§ INSTRUCTIONS FOR THE TASK:
A word-for-word repetition of all the entries is required.

(Stored data entries)
——————

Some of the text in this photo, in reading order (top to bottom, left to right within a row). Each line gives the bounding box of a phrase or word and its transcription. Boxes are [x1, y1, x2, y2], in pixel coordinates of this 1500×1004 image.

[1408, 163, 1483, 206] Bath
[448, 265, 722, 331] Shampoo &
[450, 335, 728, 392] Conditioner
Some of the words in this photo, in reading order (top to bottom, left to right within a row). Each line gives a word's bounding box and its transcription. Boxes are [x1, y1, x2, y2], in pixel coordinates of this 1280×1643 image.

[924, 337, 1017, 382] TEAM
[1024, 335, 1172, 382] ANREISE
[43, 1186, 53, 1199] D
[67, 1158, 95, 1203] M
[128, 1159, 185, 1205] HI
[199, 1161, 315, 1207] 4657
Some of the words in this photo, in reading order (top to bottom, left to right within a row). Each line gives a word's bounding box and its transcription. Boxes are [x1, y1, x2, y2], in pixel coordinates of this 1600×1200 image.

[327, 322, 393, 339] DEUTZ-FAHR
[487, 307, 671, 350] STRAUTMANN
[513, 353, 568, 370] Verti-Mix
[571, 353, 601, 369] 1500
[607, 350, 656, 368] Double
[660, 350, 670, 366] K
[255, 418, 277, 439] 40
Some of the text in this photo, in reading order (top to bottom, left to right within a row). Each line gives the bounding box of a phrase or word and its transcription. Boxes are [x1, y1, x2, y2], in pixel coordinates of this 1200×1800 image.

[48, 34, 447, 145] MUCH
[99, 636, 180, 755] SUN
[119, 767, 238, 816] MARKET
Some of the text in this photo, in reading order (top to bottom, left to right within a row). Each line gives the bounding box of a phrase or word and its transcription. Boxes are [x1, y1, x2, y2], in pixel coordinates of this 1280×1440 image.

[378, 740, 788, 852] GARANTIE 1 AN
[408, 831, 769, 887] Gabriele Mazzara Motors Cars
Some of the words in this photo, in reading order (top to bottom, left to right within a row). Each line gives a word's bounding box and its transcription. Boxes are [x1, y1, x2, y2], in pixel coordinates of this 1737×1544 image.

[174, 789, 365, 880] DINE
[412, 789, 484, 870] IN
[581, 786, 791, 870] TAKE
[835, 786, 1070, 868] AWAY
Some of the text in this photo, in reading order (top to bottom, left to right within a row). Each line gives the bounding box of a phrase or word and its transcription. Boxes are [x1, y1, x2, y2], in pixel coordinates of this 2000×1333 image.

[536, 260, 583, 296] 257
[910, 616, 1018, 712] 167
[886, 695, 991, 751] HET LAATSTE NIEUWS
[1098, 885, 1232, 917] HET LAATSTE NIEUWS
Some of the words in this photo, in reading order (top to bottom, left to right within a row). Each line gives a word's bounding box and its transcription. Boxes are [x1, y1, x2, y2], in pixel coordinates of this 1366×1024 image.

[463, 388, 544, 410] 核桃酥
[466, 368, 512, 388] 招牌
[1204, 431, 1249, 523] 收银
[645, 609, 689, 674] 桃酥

——————

§ RESPONSE TO THE TASK:
Some of the text in this photo, in reading order (top to bottom, left to right within a row). Each line gives the bounding box of a phrase or word and its transcription. Boxes are [x1, y1, x2, y2], in pixel coordinates of this 1500×1004 image.

[1408, 163, 1483, 206] Bath
[448, 265, 722, 331] Shampoo &
[450, 335, 728, 392] Conditioner
Some of the words in this photo, in reading order (top to bottom, left to right within a row). Each line gives a word's bounding box and its transcription. Boxes are [x1, y1, x2, y2], in pixel coordinates of this 1280×1643 image.

[924, 337, 1017, 382] TEAM
[1024, 335, 1172, 382] ANREISE
[43, 1186, 53, 1199] D
[67, 1158, 95, 1203] M
[128, 1159, 185, 1205] HI
[199, 1161, 315, 1207] 4657
Some of the words in this photo, in reading order (top to bottom, left to right within a row). Each line gives a word's bounding box and its transcription. Boxes are [x1, y1, x2, y2], in pixel coordinates of this 1600×1200 image.

[327, 322, 393, 339] DEUTZ-FAHR
[487, 307, 671, 350] STRAUTMANN
[513, 353, 568, 370] Verti-Mix
[571, 353, 601, 369] 1500
[607, 350, 656, 368] Double
[660, 350, 670, 366] K
[255, 418, 277, 439] 40
Some of the text in this photo, in reading order (top to bottom, left to right within a row). Each line gives the bounding box of a phrase or word and its transcription. Boxes are [x1, y1, x2, y2], in pixel coordinates of this 1200×1800 image.

[48, 34, 447, 145] MUCH
[99, 636, 180, 755] SUN
[119, 767, 238, 816] MARKET
Some of the text in this photo, in reading order (top to bottom, left to right within a row). Each line gives the bounding box of a phrase or word and its transcription. Boxes are [x1, y1, x2, y2], in pixel coordinates of this 1280×1440 image.

[378, 740, 788, 852] GARANTIE 1 AN
[408, 831, 769, 887] Gabriele Mazzara Motors Cars
Some of the words in this photo, in reading order (top to bottom, left to right within a row). Each line gives a word's bounding box and its transcription. Boxes are [x1, y1, x2, y2], in pixel coordinates of this 1737×1544 image.

[174, 789, 365, 880] DINE
[412, 789, 484, 870] IN
[581, 786, 791, 870] TAKE
[835, 786, 1070, 868] AWAY
Some of the text in this photo, in reading order (top to bottom, left to right within a row). Each line gives the bounding box of a phrase or word and its transcription. Boxes are [x1, y1, x2, y2], in pixel coordinates of this 2000×1333 image.

[536, 260, 583, 296] 257
[910, 616, 1018, 712] 167
[886, 695, 991, 751] HET LAATSTE NIEUWS
[1098, 885, 1232, 917] HET LAATSTE NIEUWS
Some of the words in this photo, in reading order (top to bottom, left to right within a row). Each line gives a word's bounding box and its transcription. Boxes are [x1, y1, x2, y2], in pixel coordinates of this 1366×1024 image.

[463, 388, 544, 410] 核桃酥
[466, 368, 512, 388] 招牌
[1204, 431, 1249, 523] 收银
[645, 609, 689, 674] 桃酥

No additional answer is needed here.